Lastly, try avoiding foods high in saturated fats which may disrupt healthy hormone production and contribute to insulin resistance which could lead to weight gain.
2. Light therapy:
It’s important to note that people with bipolar disorder should not use light therapy because it can trigger manic episodes.
In addition, some medications such as beta blockers and insulin may interfere with the effectiveness of light therapy. Consult your doctor if you have any questions about whether or not you should use this treatment for seasonal affective disorder.
There are also many natural treatments for SAD which include: getting more sleep; spending more time outdoors; exercising; eating well-balanced meals; maintaining a regular sleep schedule; reducing stress levels through yoga or other relaxation techniques; practicing good coping skills to deal with work or family issues.
For children and teens, talking to parents about ways they can improve their mood during this time is very important.
Parents should encourage them to spend time outside on sunny days when possible, get involved in outdoor activities like going on hikes or bike rides together, take supplements with vitamins B5 (pantothenic acid), B6 (pyridoxine), vitamin D3 (cholecalciferol) and omega-3 fatty acids (fish oil).
3. St. John’s Wort:
It’s important to note that St. John’s Wort does not cure SAD; it only helps alleviate symptoms for about six hours at a time.
The herb is helpful when taken as an antidepressant and taken regularly during the winter months, which can help with the mild depression that typically accompanies the winter blues.
Be careful of other side effects if you are taking any other medications or if you have a history of liver or kidney problems.
After five minutes of exposure to bright light, your body will produce more serotonin.
Medications like antidepressants may also help regulate levels of this mood-enhancing chemical in your brain.

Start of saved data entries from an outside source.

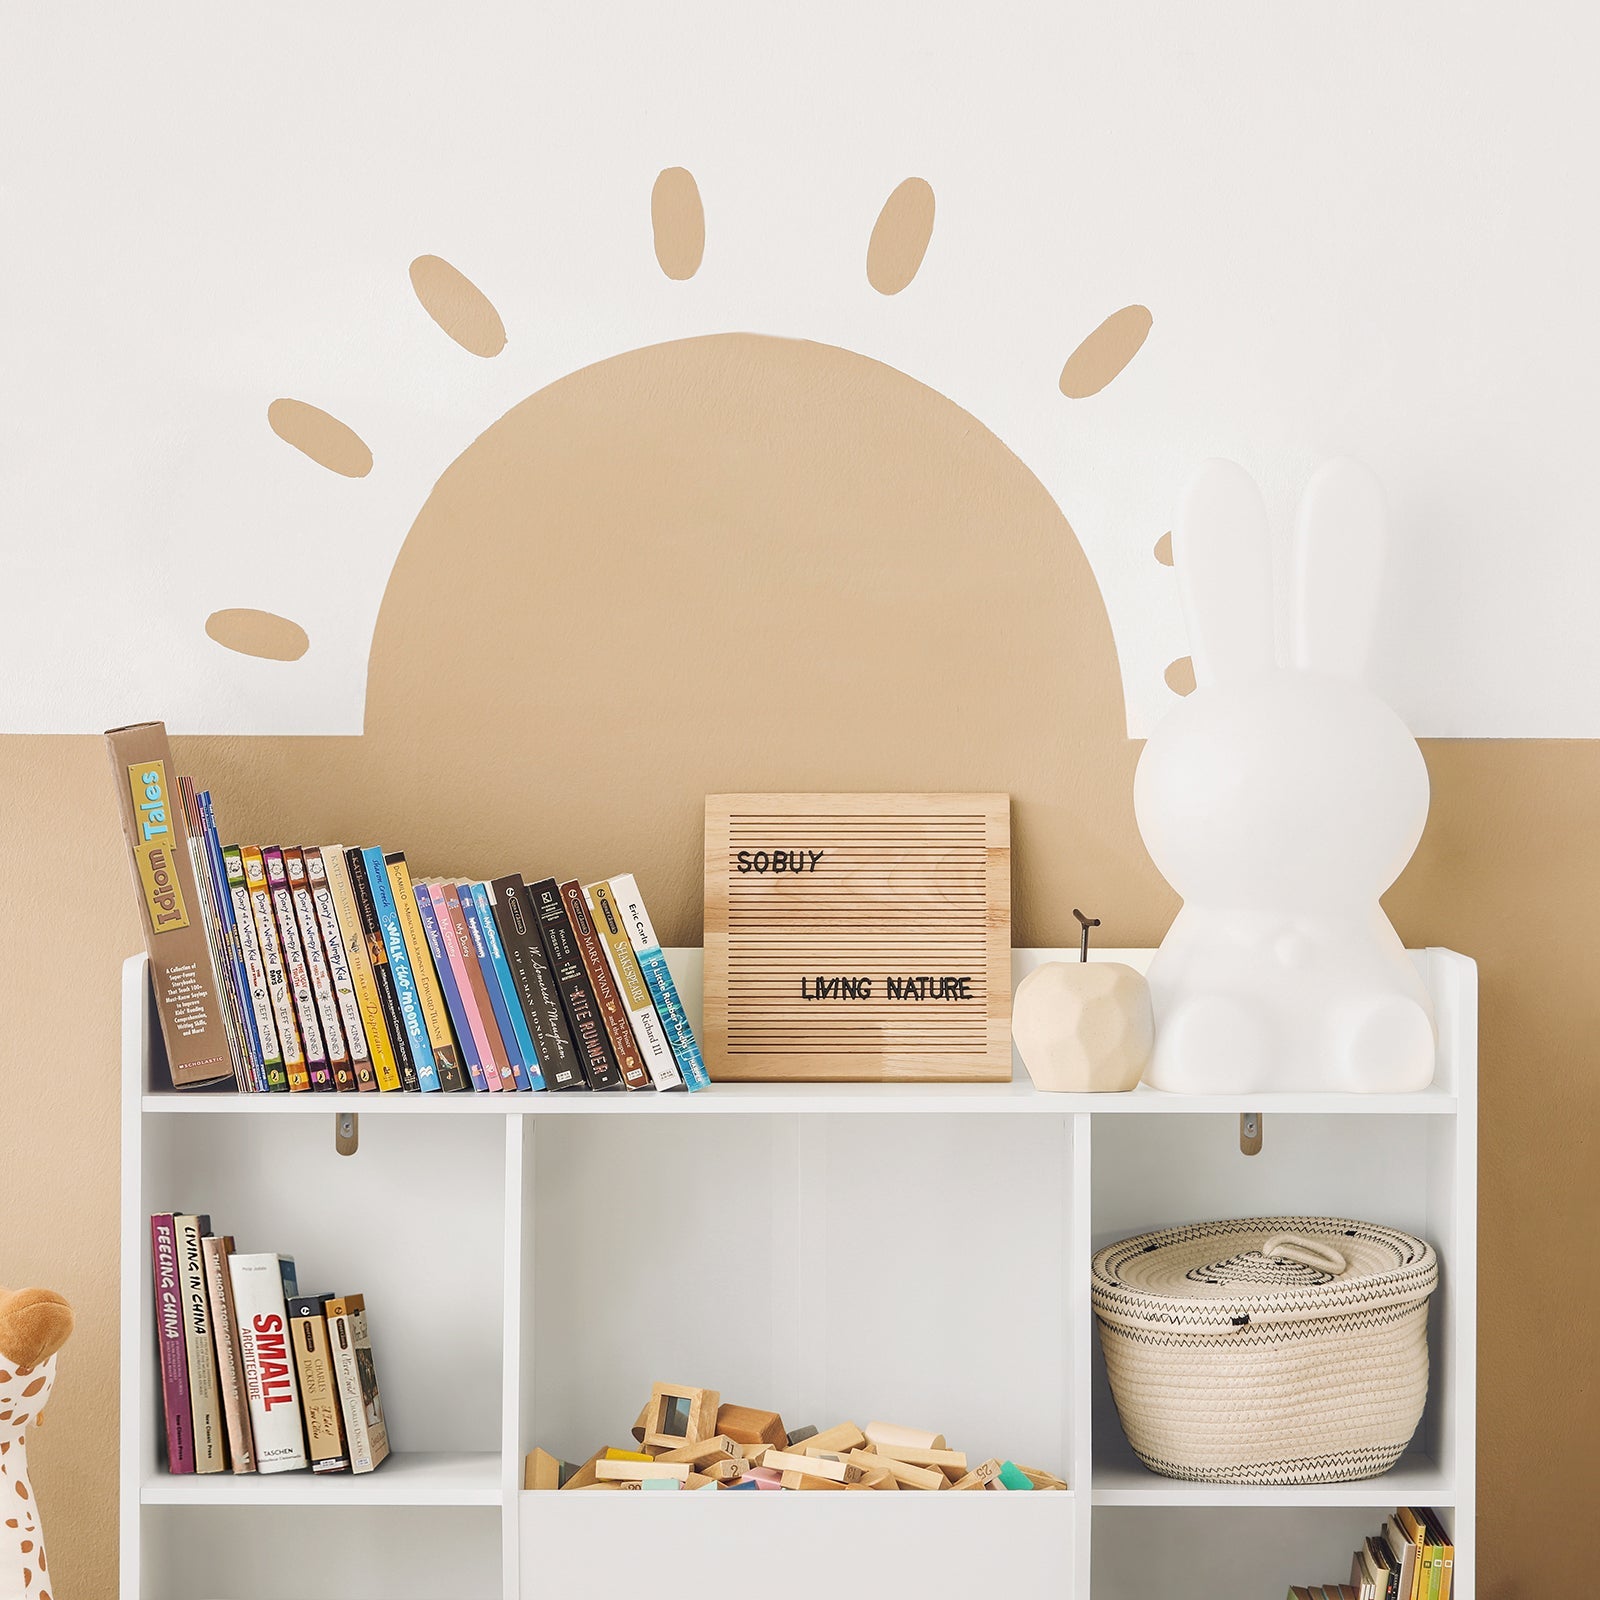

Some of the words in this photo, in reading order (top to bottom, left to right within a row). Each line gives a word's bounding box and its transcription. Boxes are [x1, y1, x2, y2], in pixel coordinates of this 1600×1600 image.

[140, 771, 168, 840] Tales
[331, 855, 342, 878] KATE
[352, 857, 364, 880] KATE
[736, 850, 824, 874] SOBUY
[149, 849, 181, 924] Idiom
[372, 860, 382, 883] Sharon
[379, 885, 391, 908] Creech
[317, 892, 332, 919] Diary
[235, 889, 247, 911] Diary
[243, 925, 253, 951] Wimpy
[248, 949, 256, 961] Kid
[256, 893, 267, 915] Diary
[264, 928, 274, 952] Wimpy
[269, 953, 277, 964] Kid
[278, 892, 289, 913] Diary
[286, 926, 296, 950] Wimpy
[291, 950, 300, 962] Kid
[298, 892, 309, 913] Diary
[307, 926, 316, 950] Wimpy
[312, 950, 320, 962] Kid
[328, 921, 334, 929] of
[426, 917, 434, 929] My
[440, 919, 447, 929] My
[456, 923, 462, 935] My
[460, 935, 469, 957] Daddy
[628, 903, 640, 921] Eric
[636, 921, 648, 945] Carle
[328, 936, 340, 965] Wimpy
[387, 922, 405, 962] WALK
[549, 928, 562, 960] HOSSEINI
[559, 929, 570, 954] KHALED
[336, 966, 347, 980] Kid
[395, 964, 409, 990] two
[584, 936, 600, 965] MARK
[594, 965, 611, 999] TWAIN
[614, 940, 645, 1003] SHAKESPEARE
[570, 989, 592, 1022] KITE
[650, 958, 658, 967] 10
[654, 967, 665, 991] Little
[662, 992, 678, 1022] Rubber
[674, 1022, 688, 1049] Ducks
[801, 976, 872, 1001] LIVING
[887, 976, 975, 1001] NATURE
[259, 1004, 268, 1020] JEFF
[280, 1007, 289, 1025] JEFF
[402, 992, 421, 1037] moons
[422, 977, 435, 1011] EDWARD
[430, 1010, 442, 1040] TULANE
[514, 951, 522, 963] OF
[519, 969, 534, 1006] HUMAN
[531, 1011, 550, 1061] BONDAGE
[531, 959, 556, 1006] Somerset
[545, 1007, 568, 1059] Maughan
[263, 1025, 274, 1055] KINNEY
[284, 1028, 296, 1058] KINNEY
[303, 1005, 312, 1022] JEFF
[308, 1026, 319, 1056] KINNEY
[324, 1005, 333, 1022] JEFF
[329, 1026, 340, 1056] KINNEY
[346, 1003, 355, 1020] JEFF
[351, 1025, 362, 1054] KINNEY
[367, 1001, 381, 1054] Despereaux
[622, 1030, 632, 1048] Prince
[641, 1012, 659, 1043] Richard
[652, 1043, 663, 1056] III
[184, 1056, 224, 1068] SCHOLASTIC
[579, 1021, 608, 1075] RUNNER
[616, 1035, 626, 1056] Pauper
[157, 1226, 174, 1288] FEELING
[184, 1227, 199, 1271] LIVING
[190, 1276, 201, 1290] IN
[216, 1273, 225, 1302] SHORT
[163, 1292, 179, 1339] CHINA
[192, 1294, 206, 1334] CHINA
[220, 1302, 230, 1332] STORY
[242, 1328, 260, 1400] ARCHITECTURE
[253, 1314, 293, 1412] SMALL
[304, 1360, 316, 1394] DICKENS
[315, 1358, 326, 1393] CHARLES
[264, 1448, 293, 1456] TASCHEN
[725, 1441, 734, 1452] 11
[731, 1464, 739, 1477] 2
[976, 1463, 993, 1480] 25

Drugs called selective serotonin reuptake inhibitors (SSRIs) include Prozac, Paxil and Zoloft. These drugs need to be taken daily for about two weeks before their effectiveness becomes noticeable.
Studies show that people who use SSRIs experience an improvement in their mood after eight weeks of treatment and remain better off than people who do not take them until three years later.
The benefits of these medications often outweigh their risks. If you’re considering taking one, talk to your doctor first and make sure they monitor how it affects your mood while you’re on the medication.
4. Omega-3 fatty acids:
A deficiency in omega-3 fatty acids can lead to decreased serotonin levels, which is the hormone that helps keep your mood stable.
Omega-3s are an essential nutrient for your brain health and are necessary for a healthy immune system. It’s important to note that not all omega-3s are created equal, so make sure you’re getting enough of the right kind.
DHA (docosahexaenoic acid) and EPA (eicosapentaenoic acid) are two types of omega-3s found in fish oil.
While DHA is more concentrated in the brain, EPA is more concentrated in other organs such as the heart, liver, kidneys and retina.
Research suggests it may be best to supplement with both. Consider taking 2 grams per day of EPA and DHA combined, with 800mg coming from DHA.
Some people also take 250 mg per day of grape seed extract for additional benefits such as reducing inflammation and oxidative stress. And don’t forget about vitamin D!
Research has shown a link between SAD and low vitamin D levels, so take 2000 IU daily during the winter months if you live north of Boston or San Francisco. Remember that not all forms of vitamin D are equal.
Look for Vitamin D3, which is the active form of vitamin D made by our bodies. Take care to avoid excessive supplementation since too much can cause side effects like nausea and high blood calcium levels; limit intake to 10,000 IU at most every 24 hours unless otherwise directed by a physician.
For those who struggle with seasonal affective disorder, it is important to know what you are dealing with. There are many ways in which people deal with seasonal affective disorder, but there is no one-size-fits-all solution. People need to try out different things and see what works for them.